Elizabeth Rypa, St. Paul Harding High School
Elizabeth Rypa, St. Paul Harding High School
St. Paul Harding junior Elizabeth Rypa reads her college essay during ThreeSixty Journalism’s College Essay Boot Camp celebration on April 7 at the University of St. Thomas in St. Paul.
Photo By: University of St. Thomas

Bam! Bam! I heard this sound early in the morning. People screaming, “Mungu nisaidie” (God help me). My body shaking and numb. My face hot. I knew how to run at the age of 3. Should I run, or stay and wait for my parents? They were in the fields, working, when the chaos began.

I heard a voice calling me: “Da-eli, kimbia, nitakua nyuma yako” (Sister Eliza, run!
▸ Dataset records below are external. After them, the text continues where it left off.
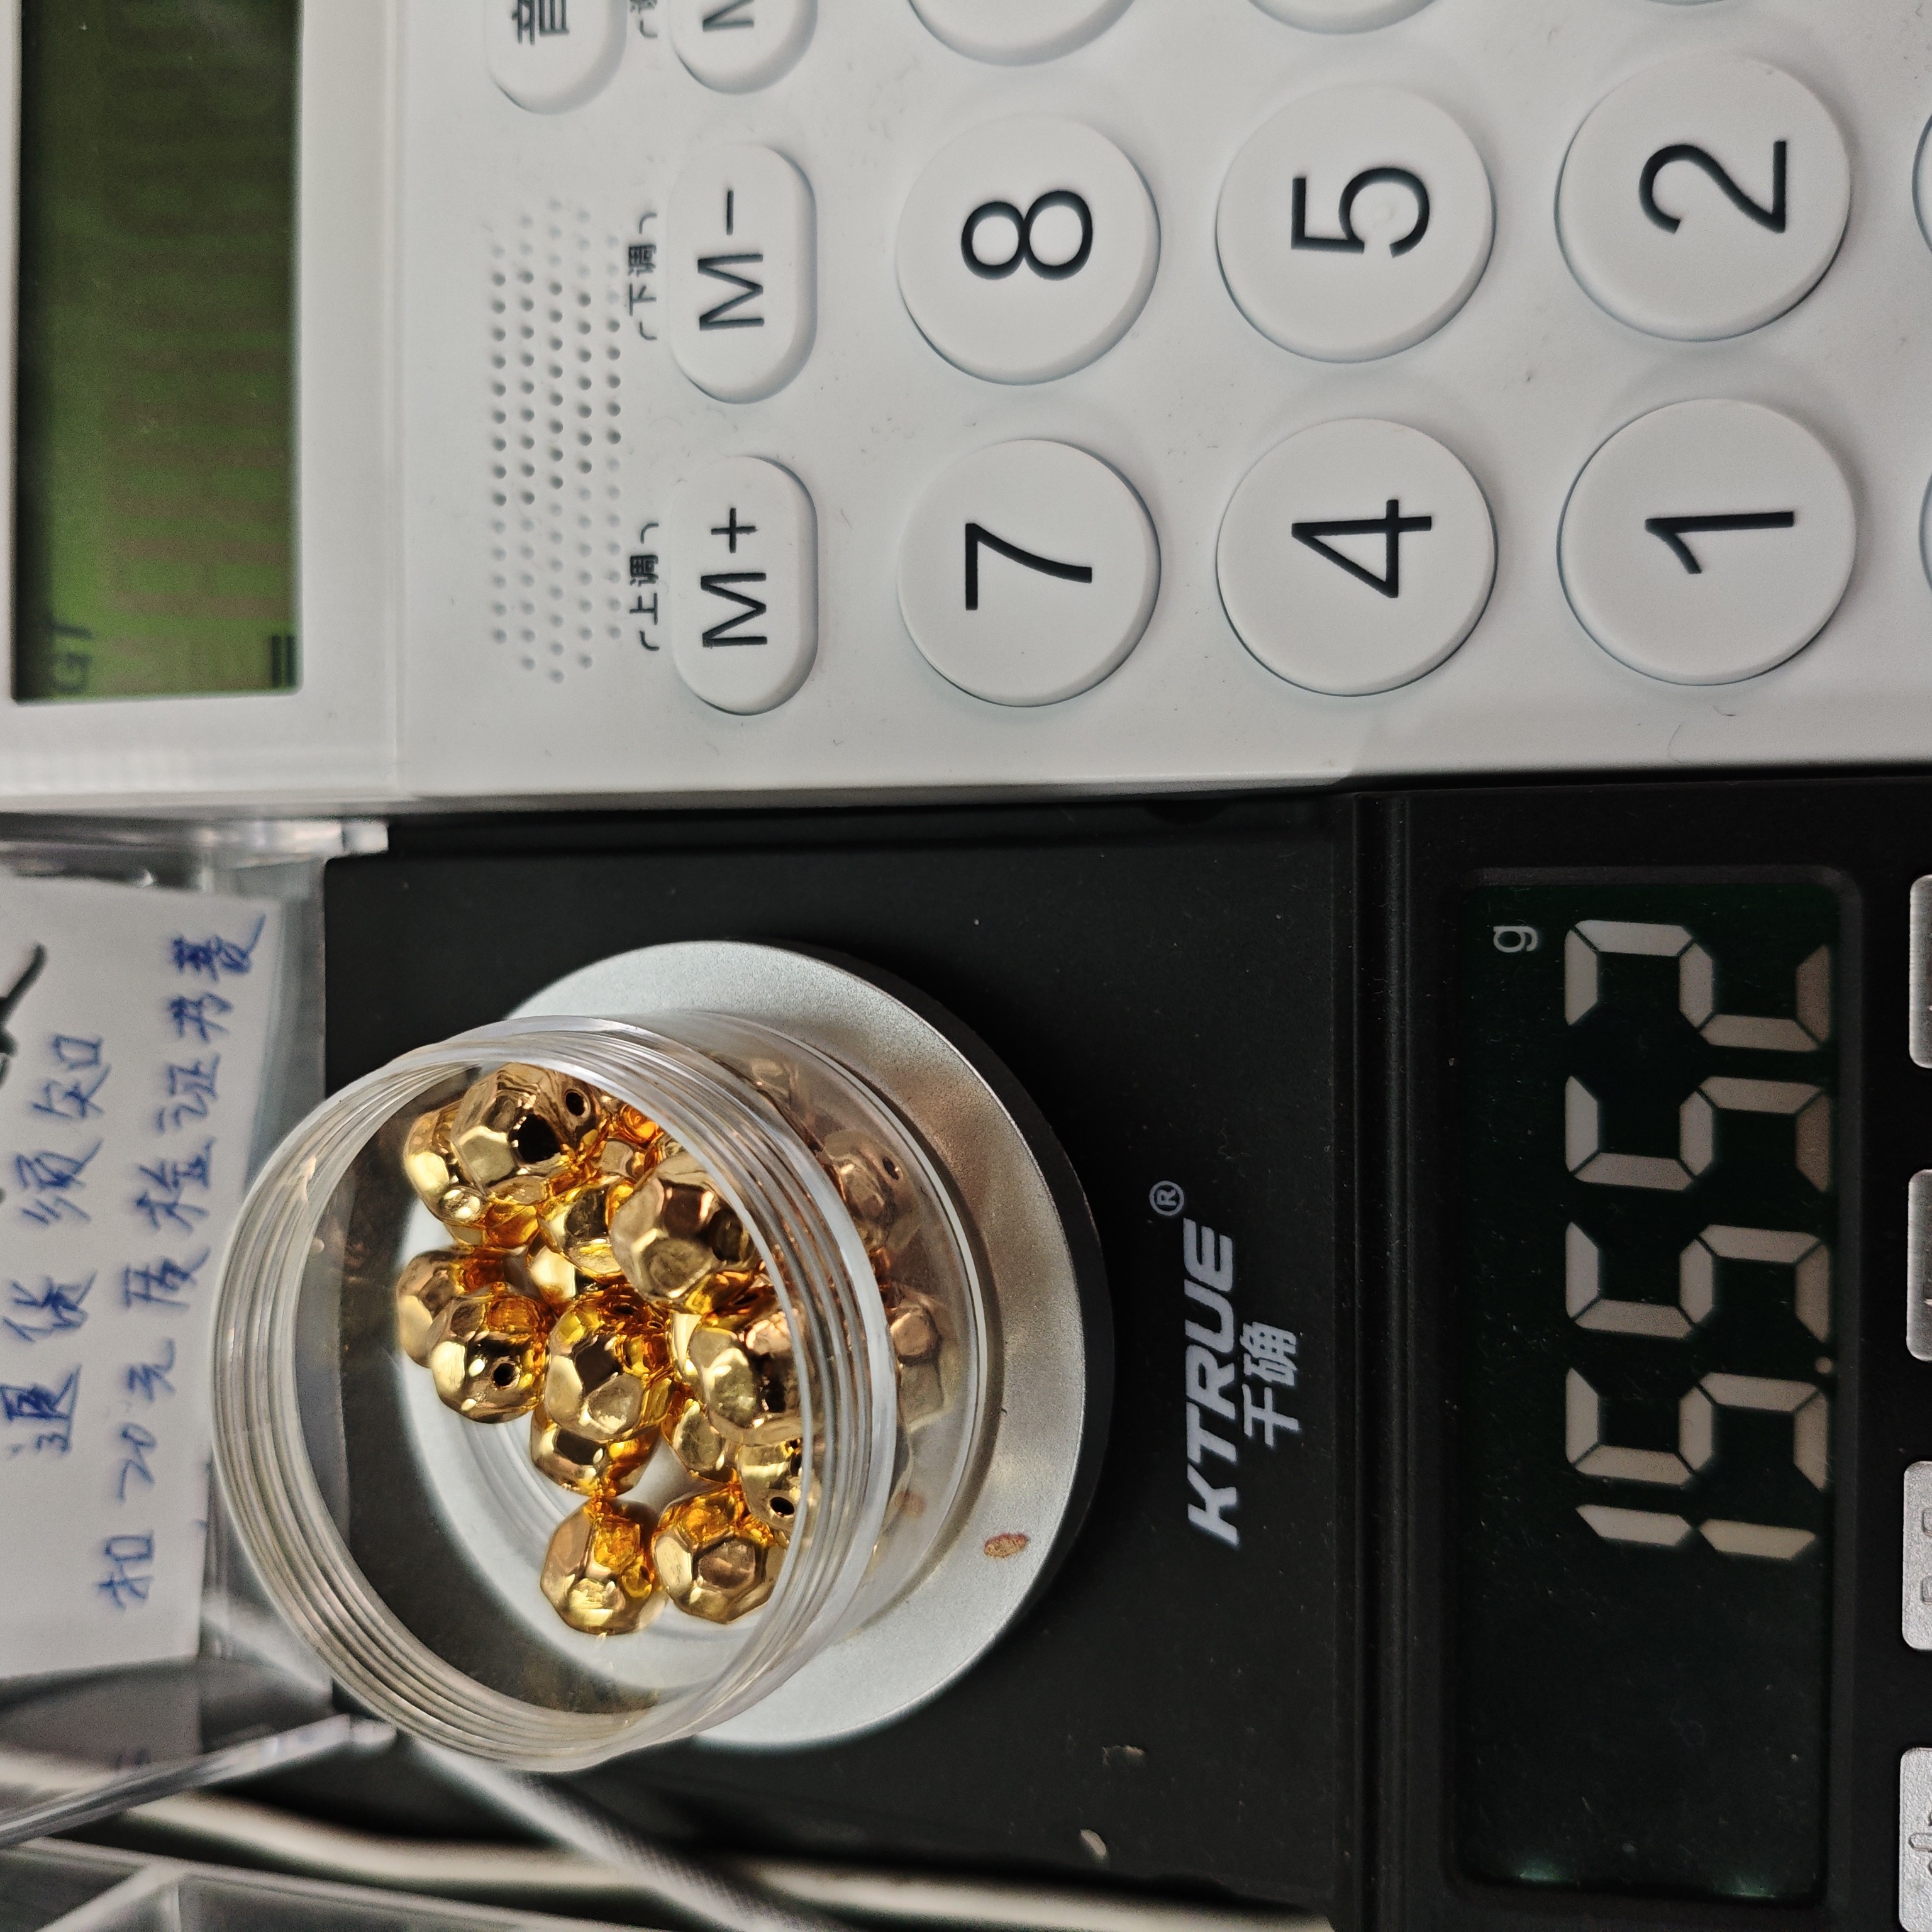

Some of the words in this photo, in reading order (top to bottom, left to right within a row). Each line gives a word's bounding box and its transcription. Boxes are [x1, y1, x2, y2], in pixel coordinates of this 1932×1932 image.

[1291, 166, 1431, 257] 5
[1639, 140, 1788, 234] 2
[960, 189, 1094, 280] 8
[700, 507, 768, 649] M+
[965, 522, 1093, 611] 7
[1291, 499, 1433, 599] 4
[1645, 510, 1796, 575] 1
[1493, 924, 1538, 953] g
[1564, 919, 1833, 1561] 15.552
[1183, 1218, 1240, 1546] KTRUE
[1239, 1321, 1302, 1448] 千确
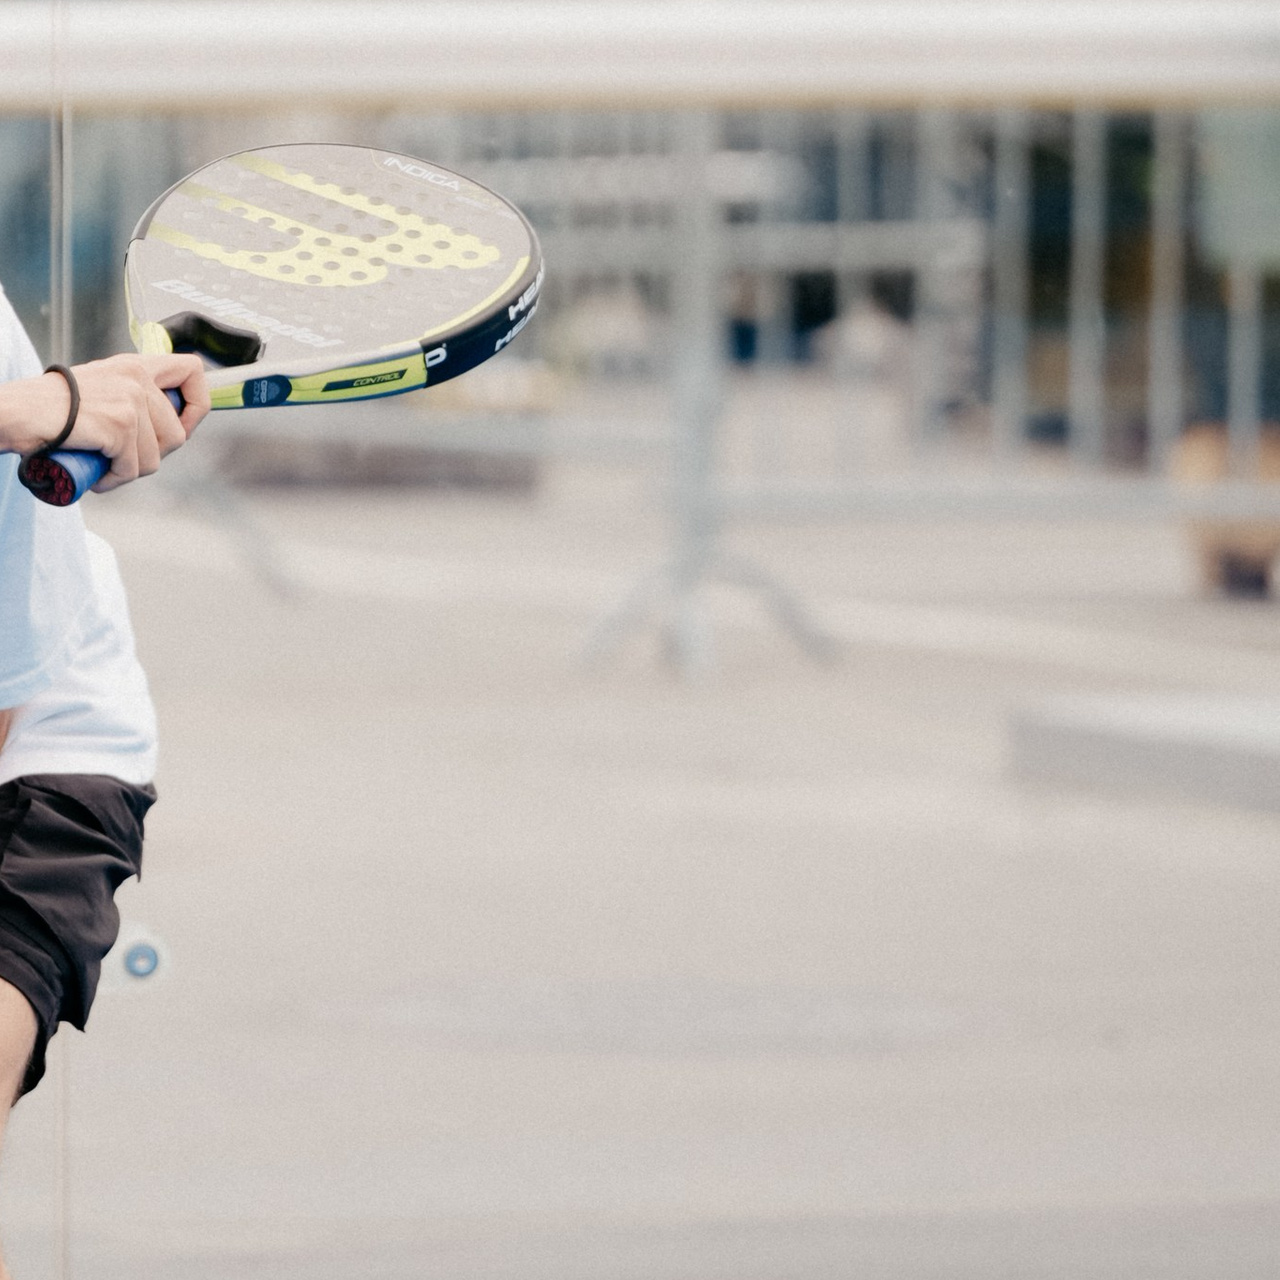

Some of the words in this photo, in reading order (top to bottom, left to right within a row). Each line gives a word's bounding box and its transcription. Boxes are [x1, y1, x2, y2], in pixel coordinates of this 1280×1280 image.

[384, 157, 460, 191] INDIGA
[508, 270, 544, 321] HEA
[494, 303, 538, 352] HEA
[353, 372, 401, 387] CONTROL
I will be behind you). My legs could not move one step. I later find the courage to run through the woods. Then bam! A body fell to the ground behind me. It was my 18-year-old sister, Faisa, shot dead. I stood numb, again, with no one to turn to, again. I mourned for my sister, and then my cousin Bwamungu reached around my waist and picked me up.

My eyes swollen, I heard voices, laughter and talking. The boat was crowded, sweaty and stinky. A teardrop fell from my eye. I was frightened but knew I was safe, because Bwamungu and Fatuma, another cousin, were with me. When the boat landed, my life and parents were still in the Democratic Republic of the Congo, and we were in Zambia.

In Zambia, children my own age bullied me for not speaking Nyanja or English. I learned how to take a slap and not give one back. Five years later, Bwamungu was arrested. Fatuma was in boarding school. I was homeless.

“Nini kimetokea?” (What happened?), an old Congolese man asked me one day. I was quiet, and then I told him. My cousin was gone, taken by the police, I said in Swahili. “I have no place to go.” He took me to his house. I trusted him, because he was Congolese. I lived with him for five years, and he paid for my school. All of a sudden, I only had to eat, go to school and take care of myself. It felt like a miracle.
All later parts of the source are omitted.